With that knowledge, he said, he would vote ‘No’.
A catering officer, Mr Alhassan Fuseini, said: “We don't need political parties’ participation in our assembly and unit committee elections, as this will further worsen and deepen the mistrust in the political environment in Ghana.”
From Tamale, Samuel Duodu reports that while some residents were against the move to allow political parties to take part in local level elections, others said they saw nothing wrong with it and so they would vote ‘Yes’ in the referendum to make local level elections partisan.
But others called for the withdrawal of the referendum, since they saw it as a total waste of time and resources.
A national service person, Mr Zakaria Abdul Mumin, said he would vote ‘No’, explaining that when political parties were allowed to take part in local level elections, it would deny well-meaning Ghanaians who were capable but not aligned to any political party from taking part in decision-making at the local level.
Although he said he would vote ‘No’ if the referendum came off, he also called for the total withdrawal of the referendum, since it was a waste of time and resources.
“I will advocate a big ‘No’ vote on the day of the referendum because it will lead to majority and minority decisions in the assembly sittings where decisions will be taken from political parties’ point of view, instead of the opinions of the individual assembly members,” Mr Zion Abdul Rauf said.
Another resident of Tamale, Ms Diana Ngon, said voting to elect MMDCEs was not a big deal; the real worry was the participation of political parties in local governance.
Kwadwo Baffoe Donkor reports from Kumasi that with less than a month to the referendum, there is still confusion in the minds of some residents of Kumasi on what exactly the referendum is about.
While some think it is about amending the law for them to elect their own MMDCEs, others say it is to introduce partisan politics in district level elections.
A resident of Kumasi, Maame Ama, said she was aware of the referendum on December 17 but not really sure what the issue at stake was all about “because I have heard the President saying the referendum is to elect MMDCEs, while others are also saying it is to allow parties to be involved in the election of assembly members”.
“Be that as it may, I would like the status quo to remain.
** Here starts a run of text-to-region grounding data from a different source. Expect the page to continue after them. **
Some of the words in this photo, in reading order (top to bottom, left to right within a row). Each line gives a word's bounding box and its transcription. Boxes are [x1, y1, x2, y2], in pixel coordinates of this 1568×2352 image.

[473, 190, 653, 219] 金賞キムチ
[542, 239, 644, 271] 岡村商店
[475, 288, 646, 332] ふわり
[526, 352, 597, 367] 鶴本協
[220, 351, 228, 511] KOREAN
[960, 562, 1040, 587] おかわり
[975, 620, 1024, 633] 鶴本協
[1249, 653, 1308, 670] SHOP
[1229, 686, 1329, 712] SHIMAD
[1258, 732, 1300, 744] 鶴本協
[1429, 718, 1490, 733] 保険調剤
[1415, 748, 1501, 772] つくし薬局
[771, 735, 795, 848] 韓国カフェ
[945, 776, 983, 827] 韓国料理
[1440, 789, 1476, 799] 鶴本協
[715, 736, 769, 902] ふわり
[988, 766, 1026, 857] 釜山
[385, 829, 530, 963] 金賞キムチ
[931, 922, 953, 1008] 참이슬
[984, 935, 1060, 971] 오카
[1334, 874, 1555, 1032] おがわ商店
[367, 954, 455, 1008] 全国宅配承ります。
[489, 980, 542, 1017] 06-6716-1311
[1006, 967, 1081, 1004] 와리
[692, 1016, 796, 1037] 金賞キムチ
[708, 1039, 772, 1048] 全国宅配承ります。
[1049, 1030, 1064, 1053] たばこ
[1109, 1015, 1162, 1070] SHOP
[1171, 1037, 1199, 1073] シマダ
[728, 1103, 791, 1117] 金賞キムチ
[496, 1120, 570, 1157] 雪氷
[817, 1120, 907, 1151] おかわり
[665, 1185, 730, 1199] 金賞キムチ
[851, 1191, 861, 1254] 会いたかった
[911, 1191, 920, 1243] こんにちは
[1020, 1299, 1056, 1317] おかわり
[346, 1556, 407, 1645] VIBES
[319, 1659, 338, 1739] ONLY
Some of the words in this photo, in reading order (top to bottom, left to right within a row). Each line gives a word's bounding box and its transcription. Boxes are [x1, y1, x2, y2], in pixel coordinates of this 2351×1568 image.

I don’t want partisan politics at the local government level,” she said.
A student, Ms Modester Tawiah, said she had no idea at all about the referendum but had seen posters of aspiring assembly members all over the place but she was not interested in the election.
For the journalist and aspiring assembly member for the Asafo Electoral Area, Mr Ernest Okai, “it is a ‘No’ vote for me”.
According to him, introducing partisan politics in district level elections would make it difficult for some of them to offer their services, as they would not want to be associated with any political party.
Another student, Mr Kwaku Ntiamoah, told the Daily Graphic that even though he was a registered member of the New Patriotic Party (NPP), “I would not want political parties to be allowed to sponsor candidates for district level elections”.
Some residents of the Upper East Region expressed mixed feelings about the upcoming December 17 referendum.
The Assembly Member for Soe-Yipaala in the Bolgatanga municipality, Mr Augustine Abanbire, suggested that the exercise should be postponed in order to intensify education on it to enable people to understand the issues.
He said, for instance, that the people should understand why they should vote “YES" or “NO" in the referendum, as well as know the differences between articles 55(3) and 243(1) of the 1992 Constitution.
The Assembly Member for Dorongo in the Bolgatanga municipality, Mr Maxwell Adongo, for his part, said people should be encouraged to vote “YES" in the referendum.
A government appointee in the Gwenia Nura Electoral Area of the Kassena Nankana West District, Ms Faustina Agetera, entreated policy makers and other stakeholders to go back to the drawing board and work on the Affirmative Action Bill for it to become law before talking about the referendum to amend Article 55(3) and Parliament to amend Article 243(1) of the 1992 Constitution.